İnsaf! İftiranın da bir sınırı olur. “Müslüman olmasınlar, gâvur kalsalar da olur” mu diyor?
Aynı zat sözüne devam ediyor: “Kur’an… Peygambere iman edin demiyor.”
Vay Allah’tan korkmaz adam vay! Ne dememesi!.. Demekten öte şiddetli bir şekilde ikaz ediyor ikaaaz! Kur’an, Fetih sûresi 13. âyette, “Her kim Allah’a ve resûlüne inanmazsa bilsin ki biz kâfirler için çılgın bir ateş hazırlamışızdır” buyurmuyor mu? Kur’an böyle diyor da, esas sen ne demek istiyorsun sen!..
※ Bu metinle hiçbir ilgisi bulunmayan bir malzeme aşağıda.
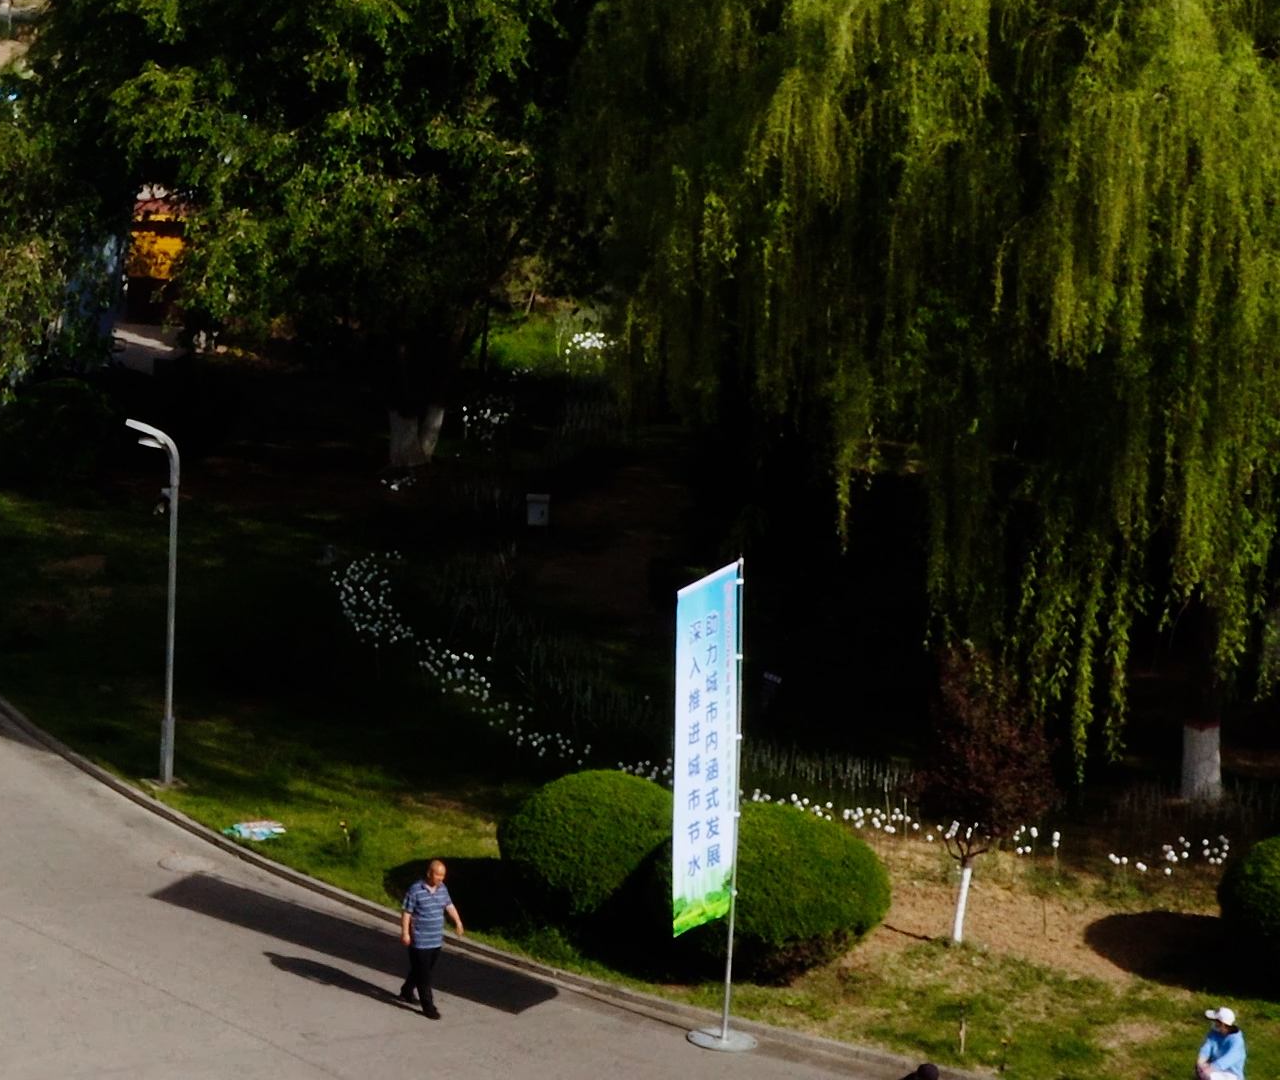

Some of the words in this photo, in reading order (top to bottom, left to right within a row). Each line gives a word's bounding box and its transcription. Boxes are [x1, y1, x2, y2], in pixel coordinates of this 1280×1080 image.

Kur’an, Paygamberimiz’in bütün insanlara gönderildiğini açık açık beyan buyurduğu halde, İslam inancına taban tabana zıt olan yukarıdaki sözlerin sahiplerinin hepsi maalesef ki tanınmış ilâhiyatçılar…
Onlar böyle söyleseler de Kur’an- Kerim’in beyanı ortada. İşte birçok âyetten sadece birinin meâli:
“Resûlüm de ki: Ey insanlar! Ben sizin hepinize gönderilmiş olan Allah resûlüyüm.” (A’raf, 158)
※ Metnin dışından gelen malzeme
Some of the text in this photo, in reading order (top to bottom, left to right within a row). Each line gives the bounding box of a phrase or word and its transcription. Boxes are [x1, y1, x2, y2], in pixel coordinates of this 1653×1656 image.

Demek ki neymiş! Peygamberimiz, Yahudi, hıristiyan, dinli, dinsiz bütün insanlara gönderilmiş.
Değerli okuyucular! Bazı ilâhiyatçıların yukarıda okuduğunuz sözlerinin İslam, Kur’an, Allah ve Peygamberle uzaktan yakından alâkası yok. Ama onlar, İslâmî görünen gazete ve televizyonların –ne hikmetse- kendilerine verdikleri imkânlarla, kitap ve tv programları yoluyla bu fikirlerini yaymaya devam ediyorlar…
Bizim vazifemiz, İslam dışı böyle sözlerin yanlışlığını ortaya koymak. Bu tavrımız bazılarına göre yanlış olabilir. Biz bunu doğru biliyor ve yapmaya çalışıyoruz…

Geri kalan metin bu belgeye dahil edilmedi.